7. D'une part, il résulte de l'instruction que l'offre de la société Geotec s'élève à 522 035 euros soit à un prix inférieur de 206 605 euros à l'estimation du coût du marché, réalisée en interne par l'AP-HP, au vu des coûts d'un marché antérieur comportant des prestations similaires. Estimant que cette offre pourrait revêtir un caractère anormalement bas, l'AP-HP a fait usage des dispositions de l'article L. 21526 du code de la commande publique et demandé à la société Geotec de lui transmettre toutes les précisions et justifications concernant la teneur de son offre et en particulier de justifier des prix unitaires proposés. Au regard des précisions apportées en réponse par cette société le 3 mai 2022, il ne résulte pas de l'instruction que le prix de l'offre aurait été manifestement sous-évalué et susceptible de compromettre la bonne exécution du marché.

8. D'autre part, si la société requérante soutient que le détail estimatif des prix de la société attributaire du lot fait apparaître que cette dernière méconnaîtrait les recommandations de la caisse d'assurance retraite et de la santé au travail concernant le nombre d'intervenants pour des travaux en hauteur, ce qui aurait un effet sur les prix proposés dans son offre, elle n'assortit cet argument d'aucune précision permettant d'en apprécier le bien-fondé.

9. En dernier lieu, il n'appartient pas au juge du référé précontractuel, qui doit seulement se prononcer sur le respect, par le pouvoir adjudicateur, des obligations de publicité et de mise en concurrence auxquelles est soumise la passation d'un contrat, de se prononcer sur l'appréciation portée sur la valeur d'une offre ou les mérites respectifs des différentes offres. Il lui appartient, en revanche, lorsqu'il est saisi d'un moyen en ce sens, de vérifier que le pouvoir adjudicateur n'a pas dénaturé le contenu d'une offre en en méconnaissant ou en en altérant manifestement les termes et procédé ainsi à la sélection de l'attributaire du contrat en méconnaissance du principe fondamental d'égalité de traitement des candidats.

10. Il résulte de l'instruction que la société Akila Ingénierie a obtenu une note de 0/60 pour le critère du prix. Si la société requérante soutient que son offre comportait des prix proches de ceux de la société attributaire du marché, de sorte qu'elle aurait dû obtenir une meilleure note sur ce critère, une telle argumentation est inopérante devant le juge du référé précontractuel dont l'office n'est pas, ainsi que cela ressort des principes mentionnés au point précédent, d'apprécier les mérites respectifs des offres remises au pouvoir adjudicateur.
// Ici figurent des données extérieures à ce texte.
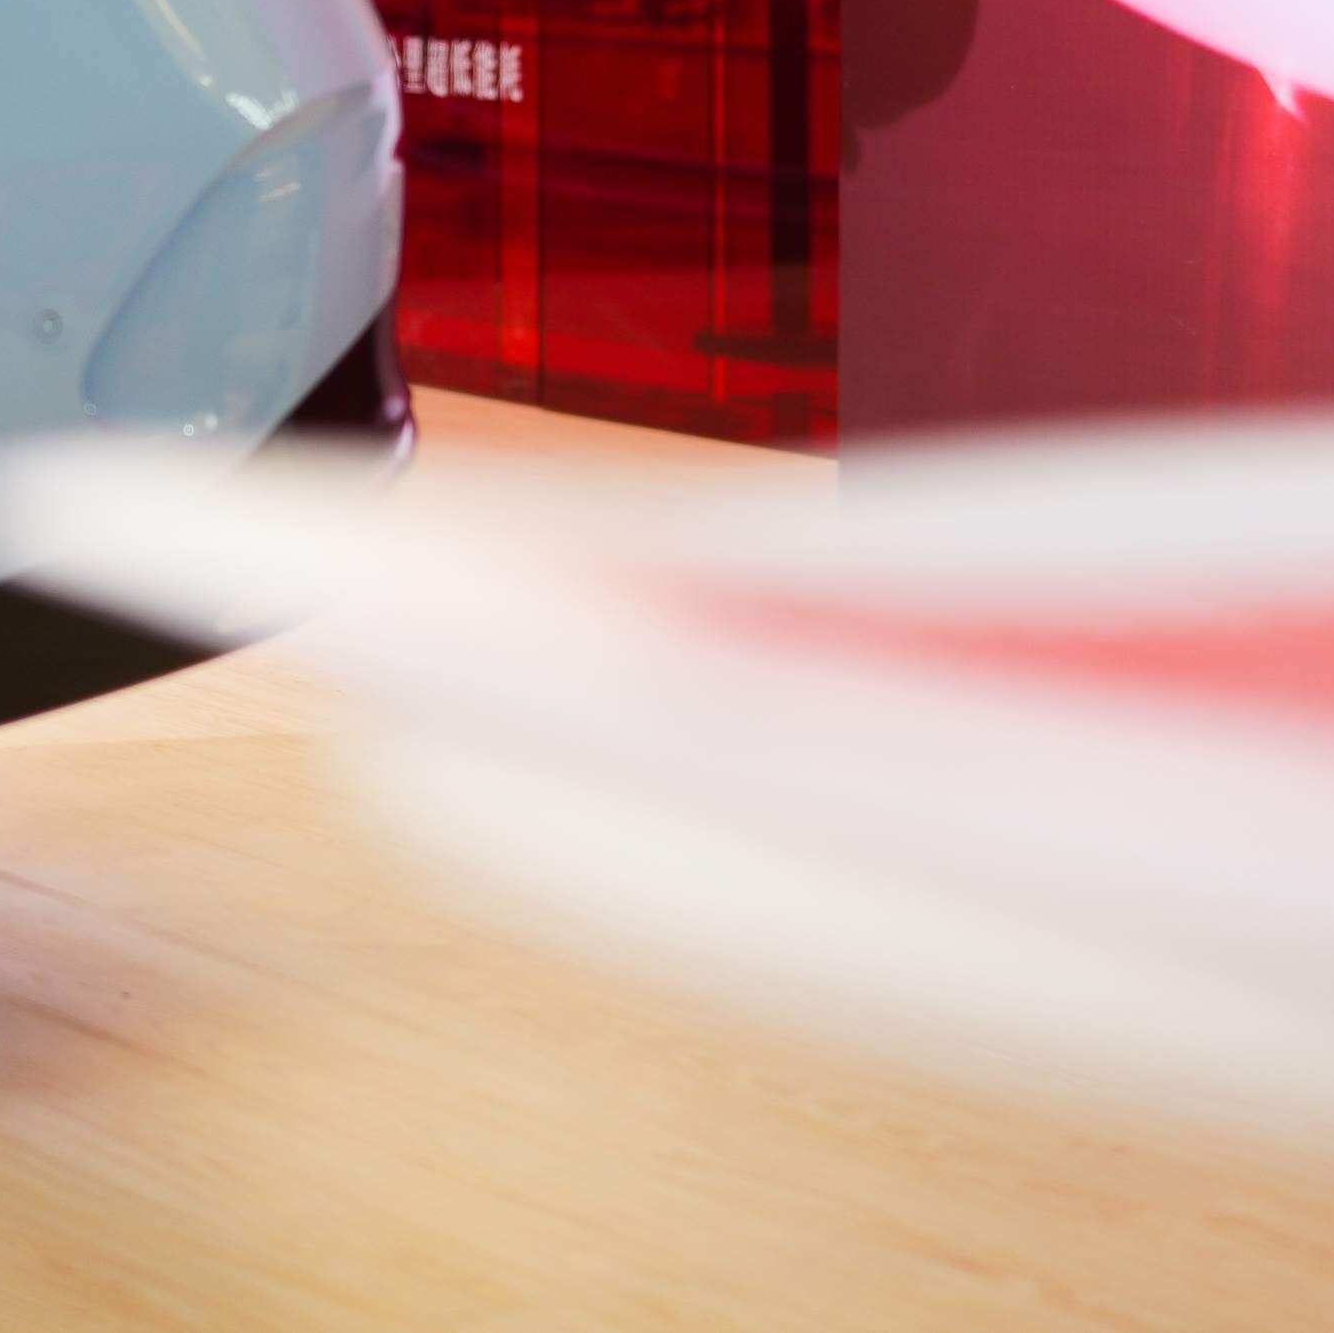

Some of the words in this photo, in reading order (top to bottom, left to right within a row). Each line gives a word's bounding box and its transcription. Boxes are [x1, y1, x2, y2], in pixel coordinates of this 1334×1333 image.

11. Il résulte de ce qui précède que les conclusions de la société Akila Ingénierie tendant à l'annulation de la procédure menée pour le lot n°1 de la consultation doivent être rejetées.

Sur les conclusions à fin d'injonction :

12. La société Akila Ingénierie demande au juge des référés d'enjoindre à l'AP-HP de communiquer le détail quantitatif estimatif établi dans le cadre du lot n°1. Or, la société requérante n'a pas saisi l'AP-HP d'une telle demande qui, en cas de refus, aurait dû, en tout état de cause, donner lieu à une demande d'avis sur la communication dudit document auprès de la commission administrative des documents administratifs en application de l'article L. 342-1 du code des relations entre le public et l'administration. Par suite, de telles conclusions à fin d'injonction sont irrecevables et doivent être rejetées.

O R D O N N E :

Article 1er : La requête de la société Akila Ingénierie est rejetée.
Article 2 : La présente ordonnance sera notifiée à la société Akila Ingénierie, à l'Assistance publique - Hôpitaux de Paris et à la société Geotec.
Fait à Paris, le 28 juillet 2022.
Le juge des référés,
P. A

La République mande et ordonne au ministre de la Santé et de la Prévention, en ce qui le concerne, ou à tous commissaires de justice à ce requis en ce qui concerne les voies de droit commun, contre les parties privées, de pourvoir à l'exécution de la présente décision.